African Queens will begin streaming on 15 February 2023 on Netflix, one of the world’s leading entertainment services with 231 million paid memberships in over 190 countries enjoying TV series, films and games across a wide variety of genres and languages.  

WATCH: The official trailer for ‘African Queens: Njinga’

‘African Queens’ Q & A with Jada Pinkett Smith 

What was the original inspiration for African Queens?

This particular project went through many different machinations, but it started with Willow. Raising a daughter like Willow, at first, we thought, “Let’s go to Africa and study the queens of Africa together as mother and daughter”.

Because that terminology queen is tossed around a lot but what does it take to actually be a queen? So that’s where it really got inspired.

How did you go about picking the queens?

I really wanted to represent black women. We don’t often get to see or hear stories about black queens, and that was really important for me, as well as for my daughter, and just for my community to be able to know those stories because there are tons of them!

The sad part is that we don’t have ready access to these historical women who were so powerful and were the backbones of African nations. I was definitely interested in particular people, Njinga being one of them.

A lot of people probably don’t know this about me, but I’m a historian in my own right and Njinga came up in my reading. I just found her fascinating. She was a powerhouse. It was important to me that their stories were told well and Nutopia is one of the best partners because they do this so well.
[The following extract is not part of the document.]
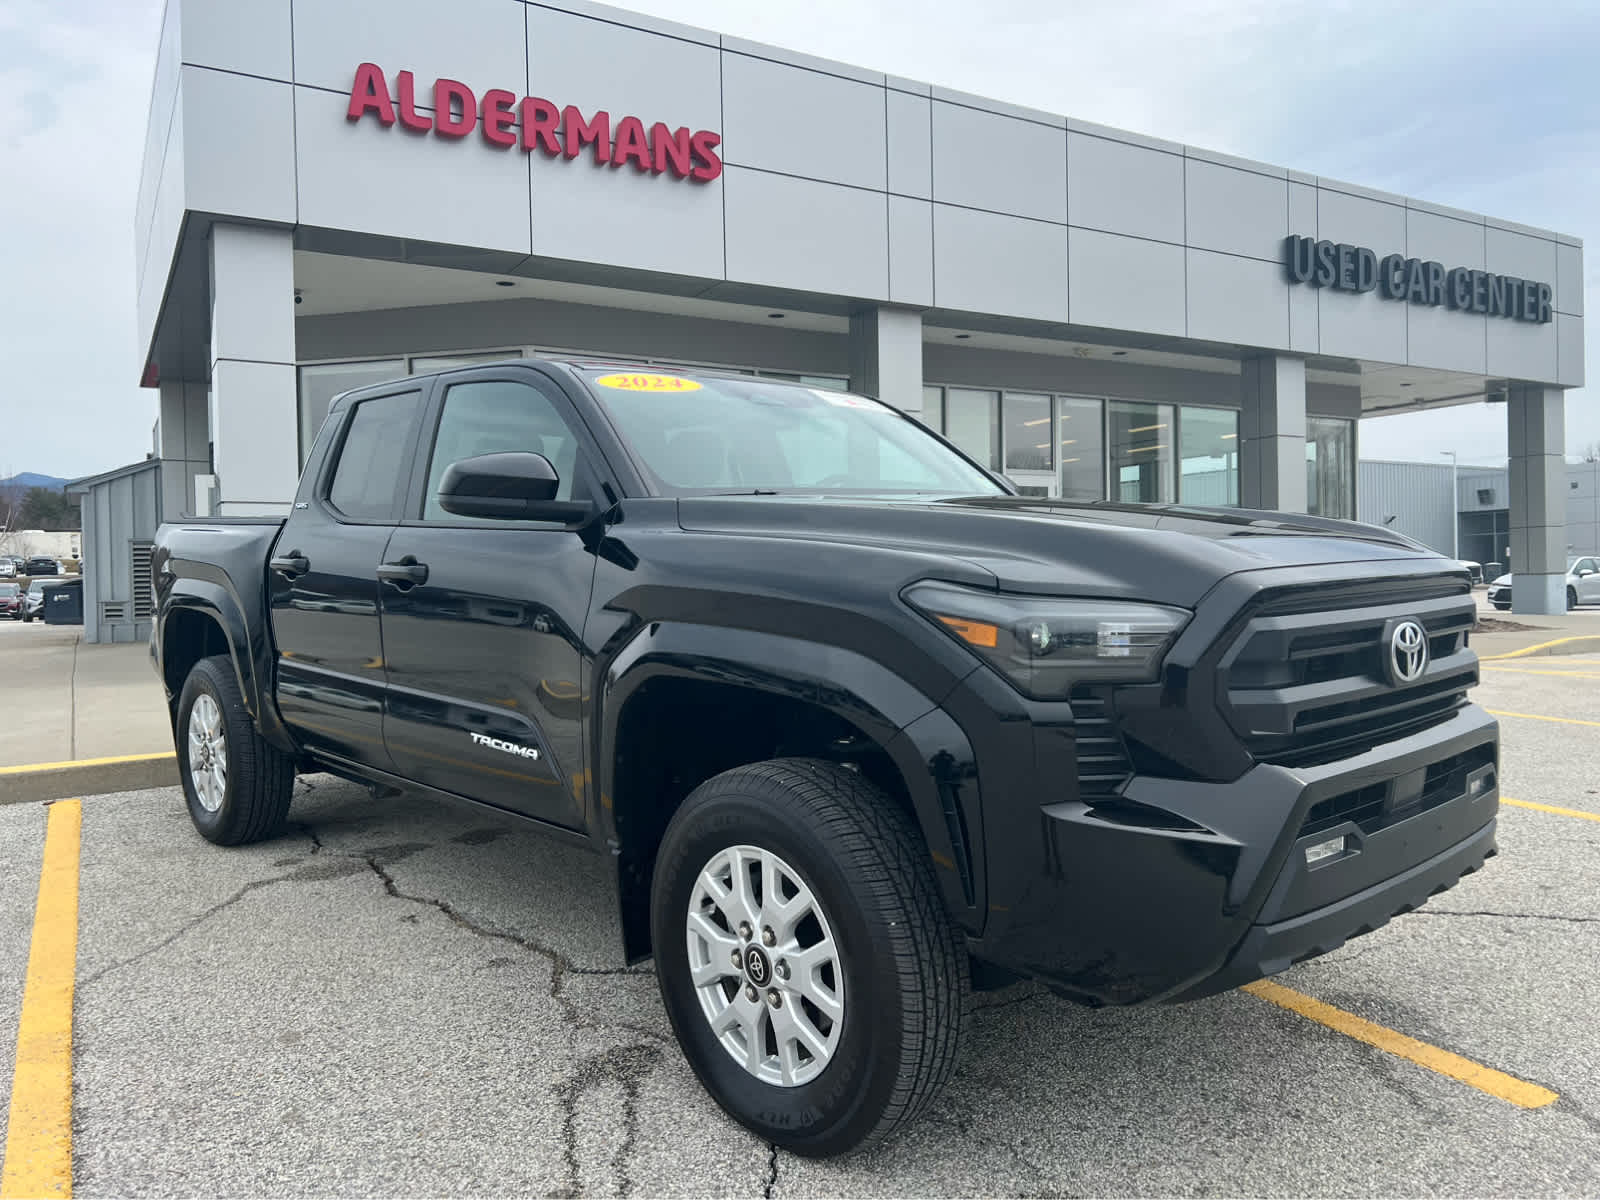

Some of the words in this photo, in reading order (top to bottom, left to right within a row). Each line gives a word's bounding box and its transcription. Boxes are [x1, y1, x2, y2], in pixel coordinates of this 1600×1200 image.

They’re going to research whatever name or idea is given to them to the hilt. I was really happy that they were passionate about this project as well. They just know how to do the deep dive.

What did you love about Njinga in particular?

To be a queen is a complicated position. To be a woman in patriarchal culture is also complicated, but the thing that I loved about her was her perseverance, and how much she loved her sisters, and how she would not give up on protecting her family and was willing to do whatever it took to protect her own people and her Kingdom from the ravages of the transatlantic trade. She understood that it would always mean making hard and difficult choices, but she was a leader who ruled in complicated times, and I think we have to understand her in the context of those times.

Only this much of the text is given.